Bert Winther-Tamaki

Bert Winther-Tamaki is Professor of Art History at the University of California, Irvine. His publications include “The Ligneous Aesthetic of Postwar Sōsaku Hanga and American Perspectives on the Modern Japanese Culture of Wood,” Archives of Asian Art, 66: 2 (2016); “Six Episodes of Convergence Between Indian, Japanese, and Mexican Art,” Review of Japanese Culture and Society, 26 (2014); Maximum Embodiment: Yōga, the ‘Western Painting’ of Japan, 1912–1955 (University of Hawaii Press, 2012).
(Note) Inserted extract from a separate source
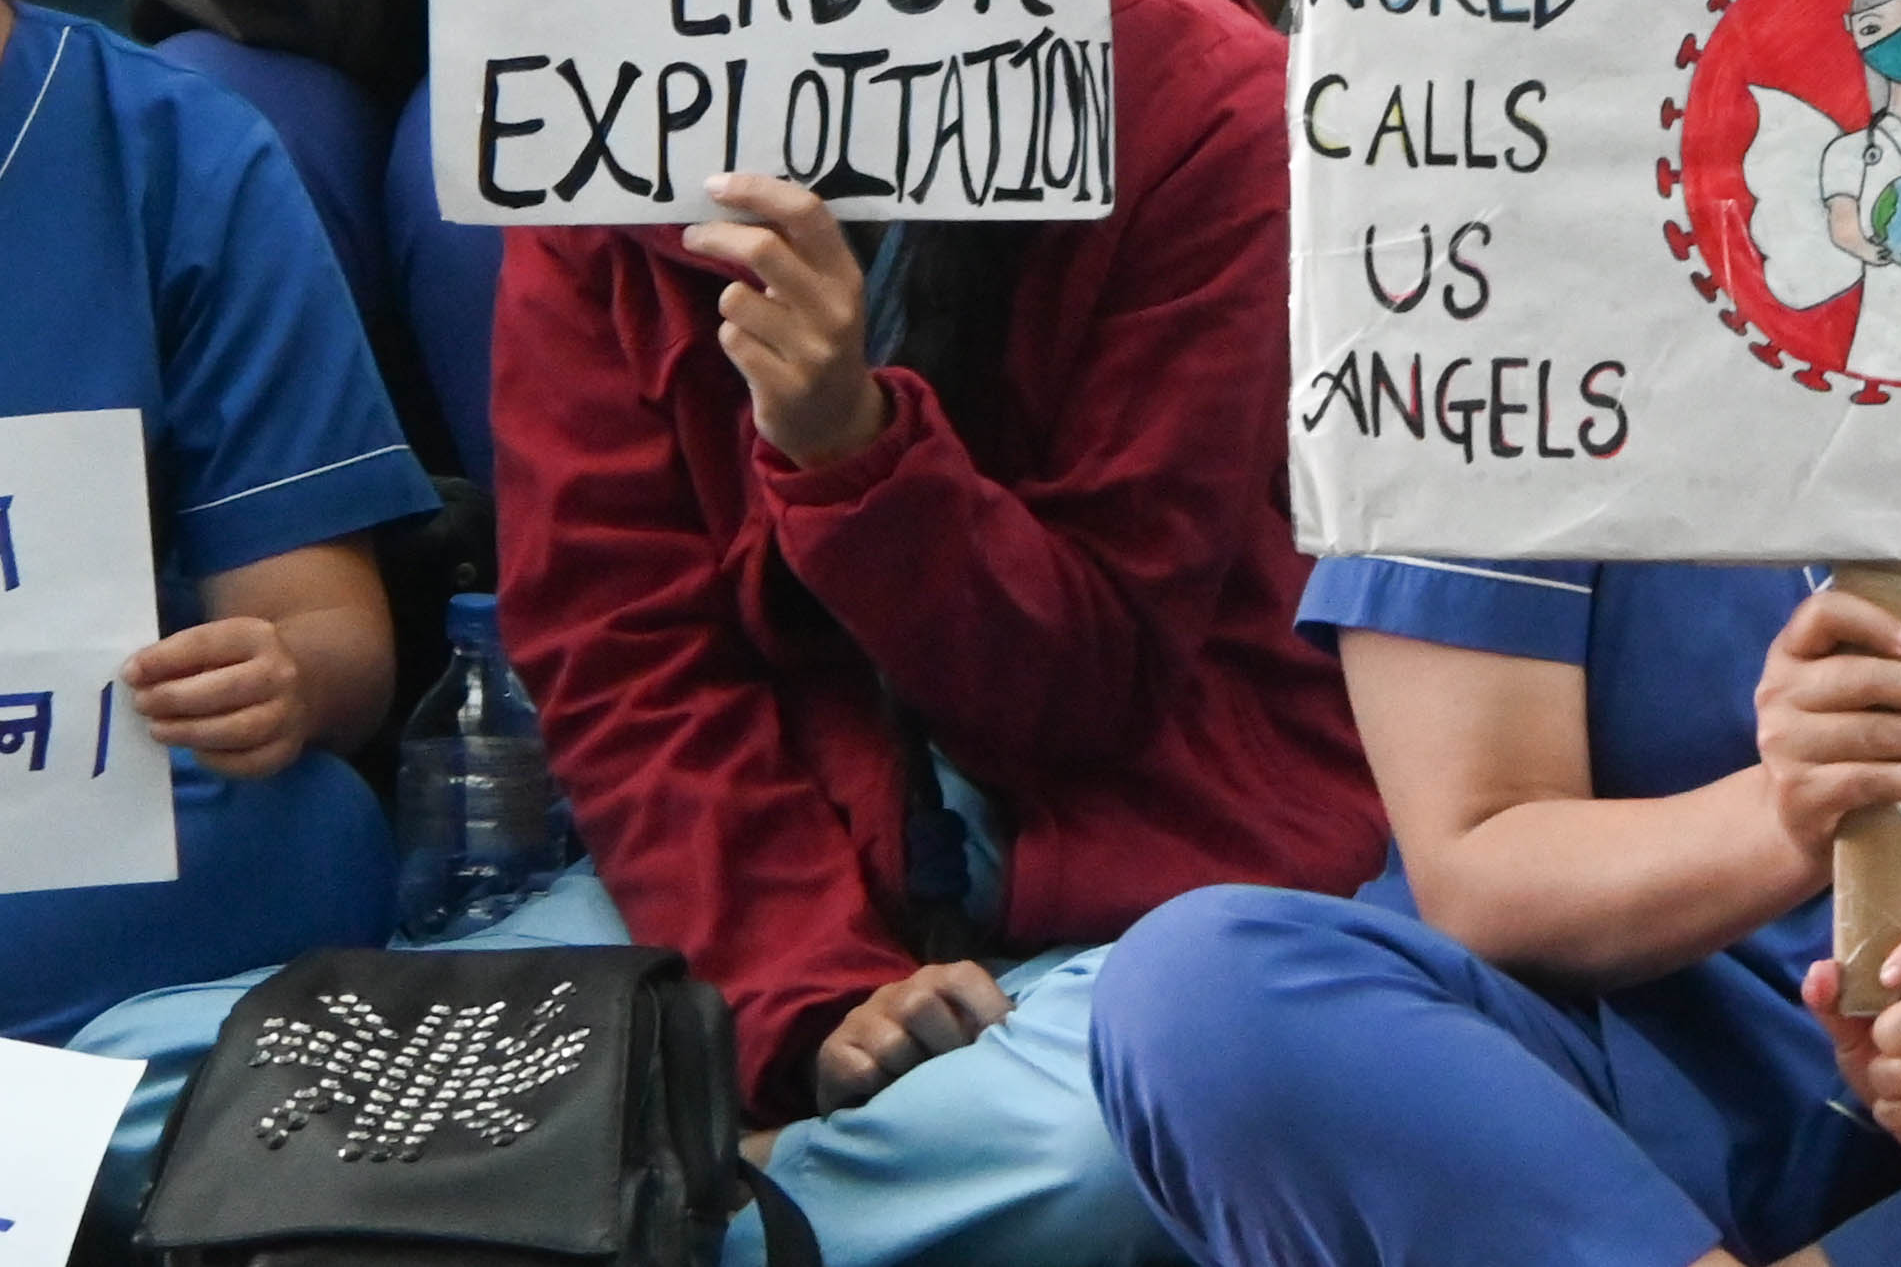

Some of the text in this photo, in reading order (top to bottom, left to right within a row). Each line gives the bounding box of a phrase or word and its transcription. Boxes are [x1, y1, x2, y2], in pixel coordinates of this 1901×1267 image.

Winther-Tamaki is currently a research fellow at the International Research Center for Japanese Studies in Kyoto working on a book about the use of soil and clay in modern Japanese art.

 

 

Abstract

Remediated Ink: The Debt of Modern and Contemporary Asian Ink Aesthetics to Non-Ink Media
Monochromatic ink aesthetics circulates widely today as a sign of Asian cultural identity, but much of it is produced by representations of ink generated in media other than ink. The media studies concept of remediation suggests a framework for a taxonomy of non-ink media ranging from late 19th-century Pictorialist photography to new digital media of popular culture. Chinese ink art has become a successful phenomenon in the global contemporary art market in the past decade, but the protagonists of this movement, including many ink remediators, stand in a much longer transnational modern Asian development of strengthening, expanding, and transforming the beauty of monochromatic ink painting in other media. This study investigates works that deal with themes of Japanese ink aesthetics in non-ink media by artists in Japan and the United States, ranging from the calligrapher Inoue Yūichi to the photographer Hiroshi Sugimoto.